My pictorial reality is charged with passion, a language tied to the body, to dynamic movement. Painting is a matter of form, and then it receives a soul – through me.
— Martha Jungwirth
In her new series of paintings, Austrian artist Martha Jungwirth captures fleeting, internal impulses – often inspired by impressions from her travels, friends and companions, Greek mythology, art history, contemporary politics and popular culture. Bridging abstraction and figuration, her works are grounded in closely observed perceptions of both her interior and exterior worlds.

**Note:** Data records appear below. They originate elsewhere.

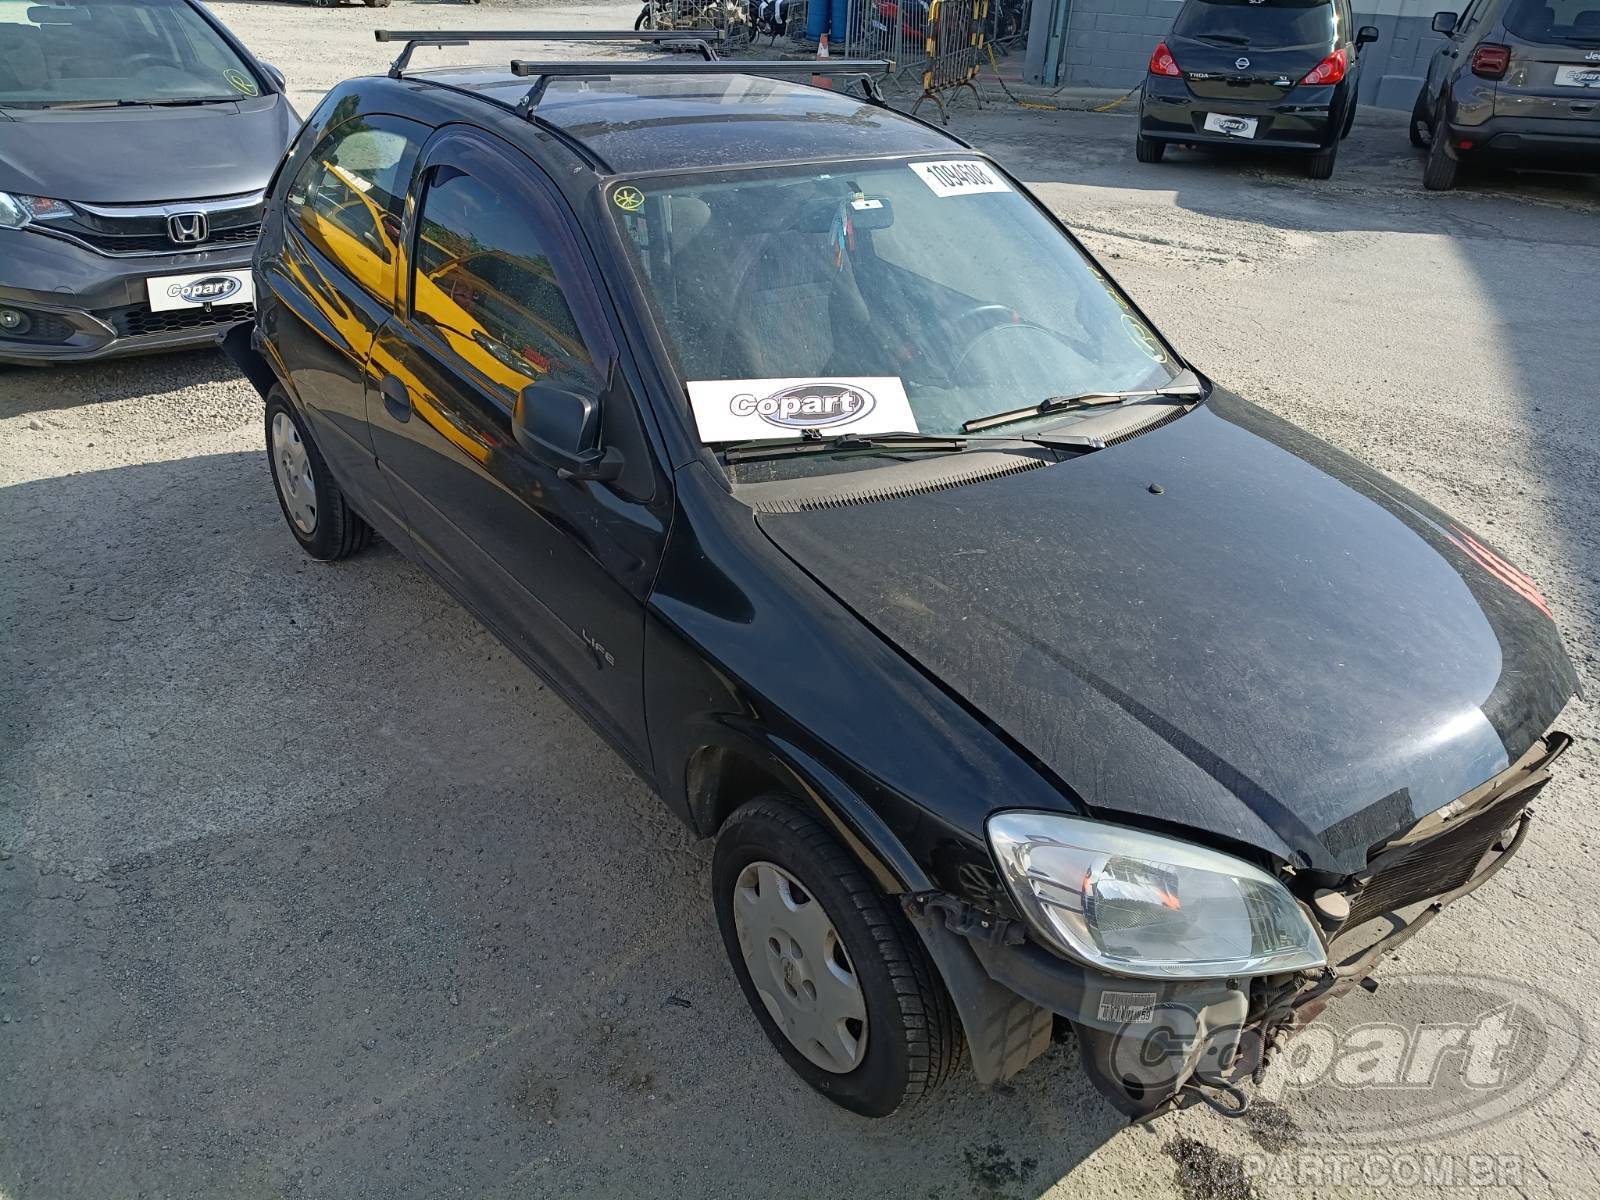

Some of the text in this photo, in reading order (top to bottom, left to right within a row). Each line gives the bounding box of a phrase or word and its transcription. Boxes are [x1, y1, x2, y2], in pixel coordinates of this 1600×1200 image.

[1567, 69, 1600, 82] Copar
[1214, 118, 1243, 131] Copart
[926, 163, 993, 188] 1094608
[166, 279, 232, 298] Copart
[729, 390, 856, 420] Copart

The exhibition’s title, All Will Fall, is borrowed from an etching in Francisco Goya’s Los Caprichos (1797–99), a group of works satirising Spanish society. Jungwirth’s Nicht mehr und nicht weniger series is titled after one of these etchings, Ni mas ni menos (Neither more nor less; 1797–98), in which Goya caricatures the painter as a monkey and the sitter as a donkey, poking fun at the vanity and flattery involved in portraiture.
In Vuelo de brujas (Witches’ Flight; c. 1798), Goya depicts a writhing mass of levitating witches who appear to devour a figure in their midst, to the horror of onlookers. The subject of witchcraft carries with it associations with the historical perception of women in power and the threat this has represented for men over the centuries. While abstracted, the brightened colour palette of Jungwirth’s Hexenflug series reflects the muted pinks, greens and golds of the hats and breeches worn by Goya’s witches.

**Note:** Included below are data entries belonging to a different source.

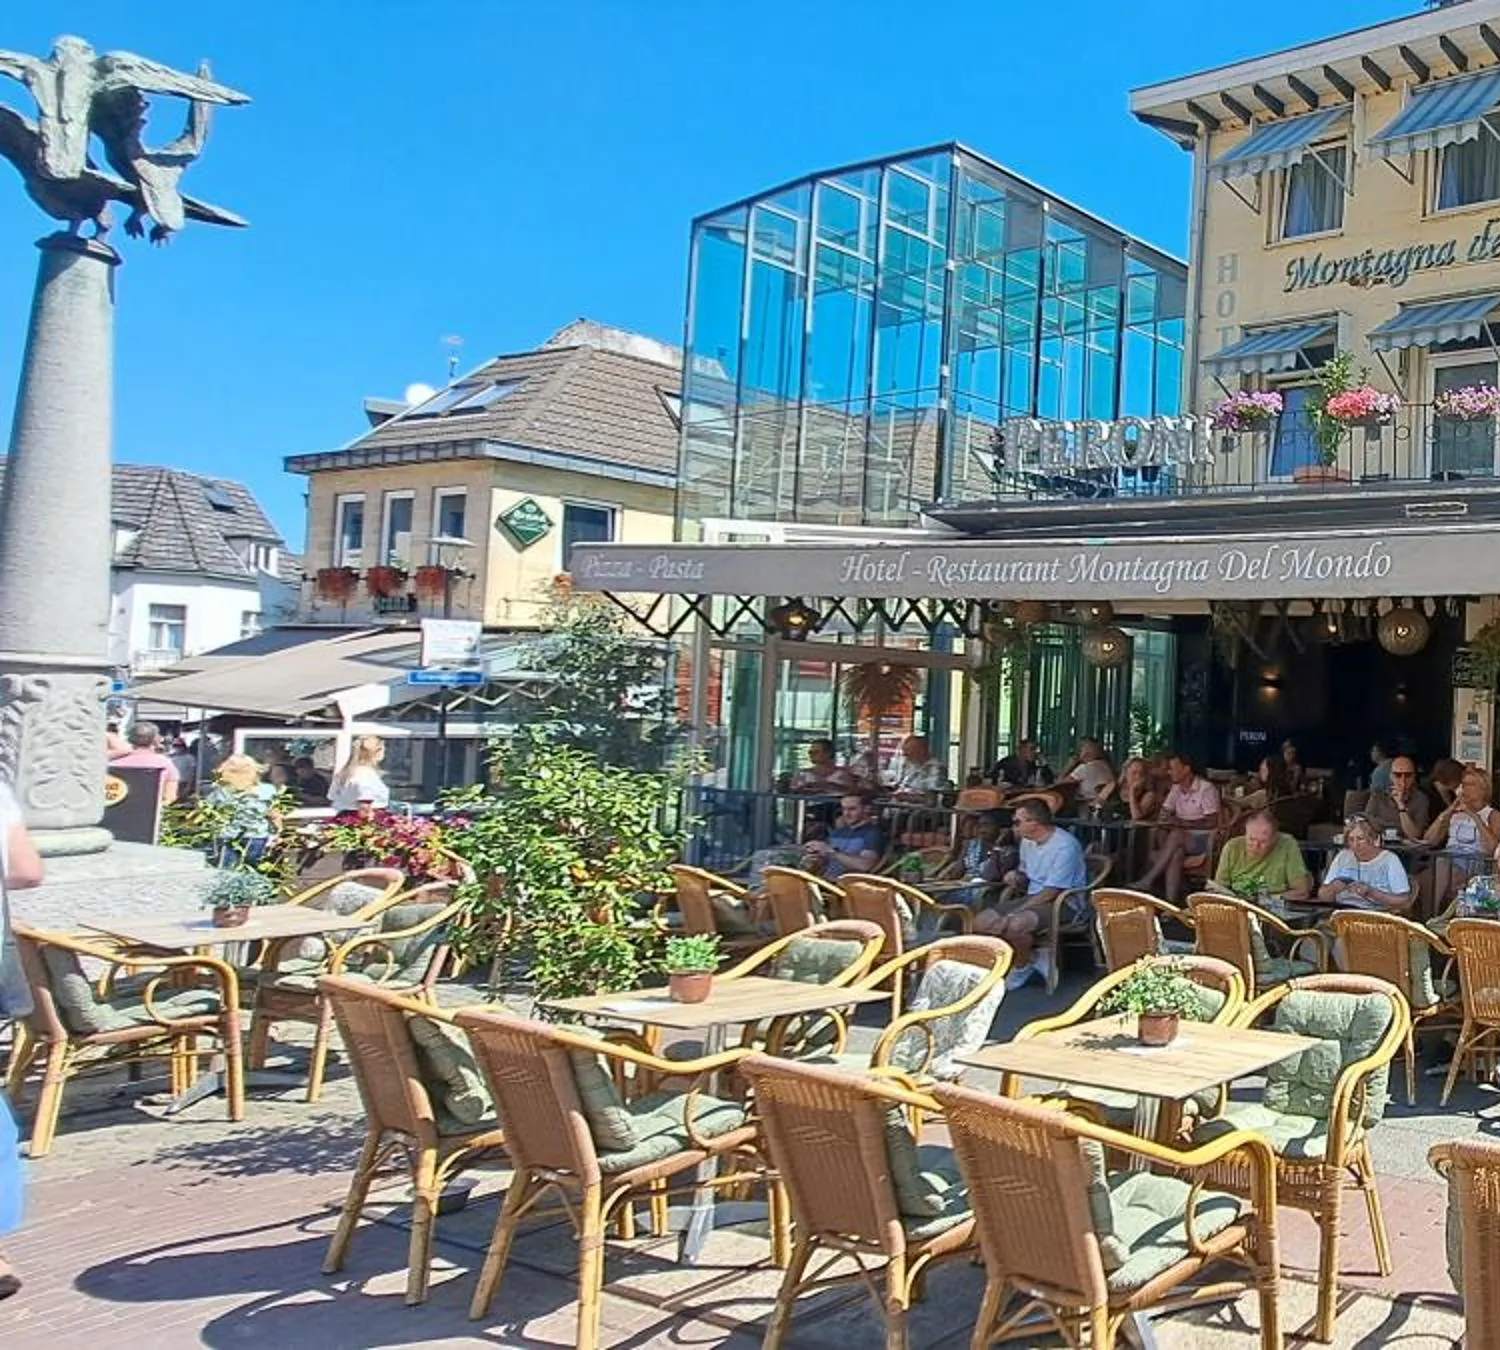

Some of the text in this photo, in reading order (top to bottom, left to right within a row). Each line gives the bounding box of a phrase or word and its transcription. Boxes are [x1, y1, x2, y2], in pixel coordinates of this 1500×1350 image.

[1282, 239, 1457, 293] Montagna
[1004, 413, 1215, 470] PERONI
[582, 555, 632, 578] Pizza
[650, 555, 705, 580] Pasta
[840, 551, 911, 583] Hotel
[927, 555, 1060, 587] Restaurant
[1067, 552, 1210, 593] Montagna
[1217, 545, 1279, 582] Del
[1279, 541, 1392, 582] Mondo
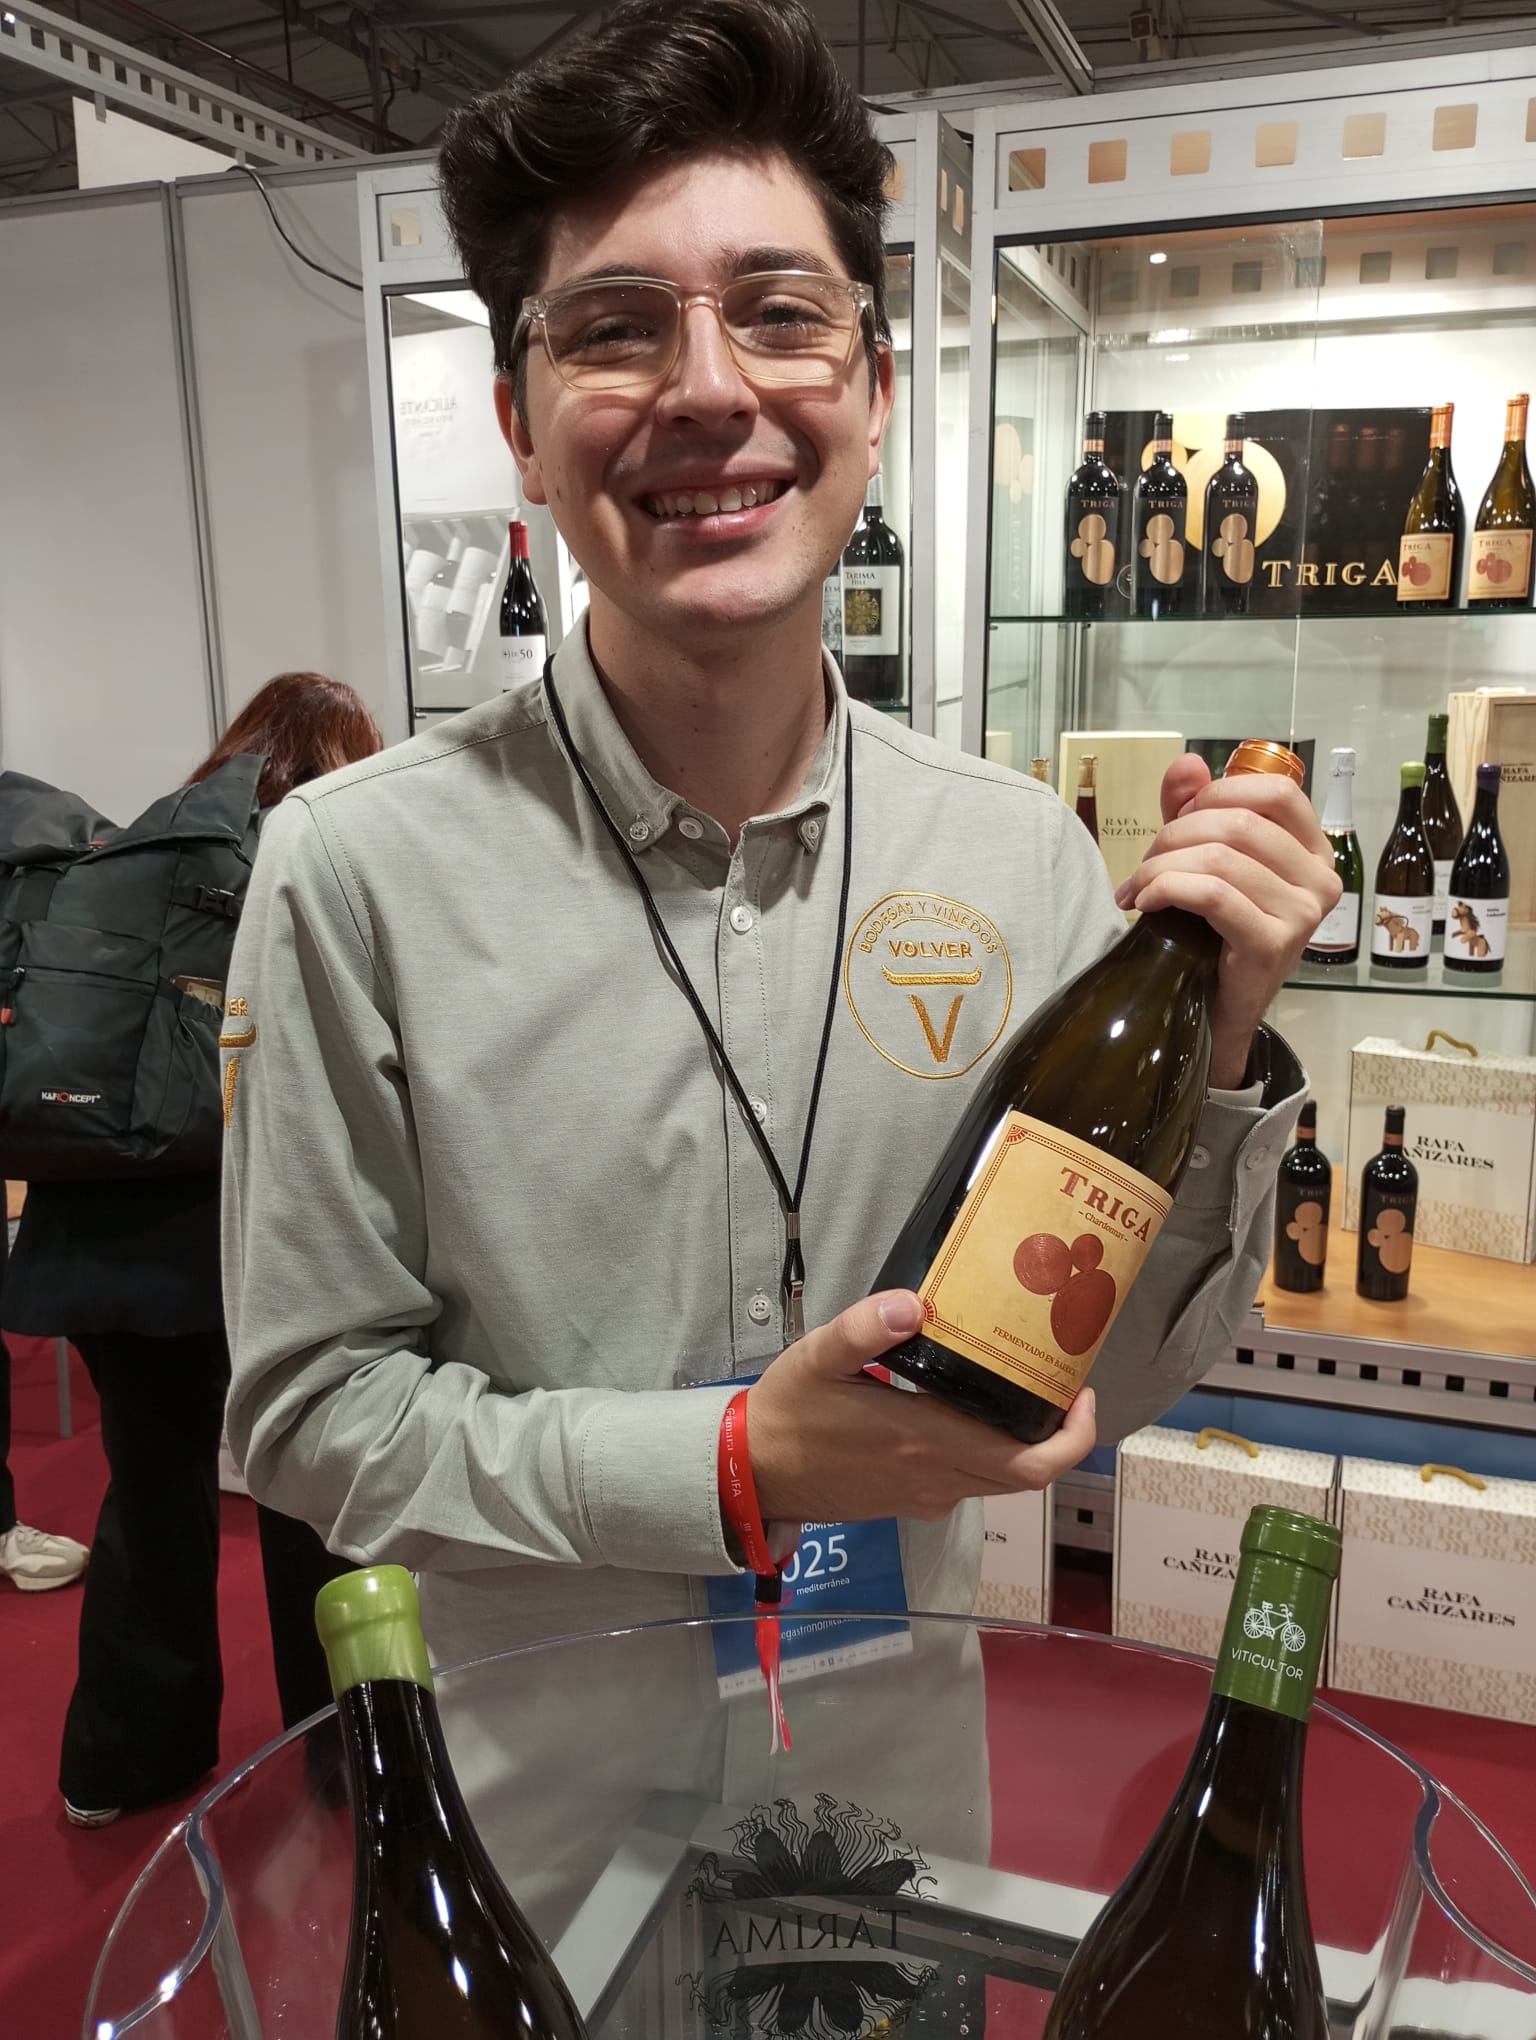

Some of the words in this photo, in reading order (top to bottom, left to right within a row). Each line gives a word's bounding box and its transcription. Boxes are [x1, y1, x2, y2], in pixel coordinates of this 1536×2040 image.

Ohne Titel, aus der Serie "Hexenflug", 2022
Oil on paper on canvas
253.5 x 62 cm (99.8 x 24.4 in)
(MJ 1170)
Traditionally associated with the supernatural, the occult, and forces of evil, witchcraft also carries with it positive connotations, such as the powers of intuition, healing and an intimate connection to the forces of nature.

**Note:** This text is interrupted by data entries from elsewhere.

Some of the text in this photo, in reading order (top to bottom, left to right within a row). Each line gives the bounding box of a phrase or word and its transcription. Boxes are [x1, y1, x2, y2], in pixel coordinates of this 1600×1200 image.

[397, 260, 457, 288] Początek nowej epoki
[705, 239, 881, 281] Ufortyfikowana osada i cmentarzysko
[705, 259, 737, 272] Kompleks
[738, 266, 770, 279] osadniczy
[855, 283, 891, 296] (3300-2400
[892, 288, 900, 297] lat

In Ohne Titel (Tulpenstrauß), the artist suggests without actually depicting the titular bunch of tulips, their dark purple flowers drooping from curved stems that seem unable to support their own weight. In the vanitas tradition, still lifes of fading flowers were a metaphor for the transience of human life and its pleasures.
Ohne Titel (Tulpenstrauß), 2022
Oil on paper on canvas
238.6 x 300.5 cm (93.9 x 118.3 in)
(MJ 1173)
These ‘pretexts’ are only obliquely referenced by Jungwirth, however, whose dynamic compositions become writhing, gestural movements of colour and texture. As with all of her subjects, these figures remain beyond the easily identifiable, her forms shifting between the realms of the real and imagined, the embodied and transcendent.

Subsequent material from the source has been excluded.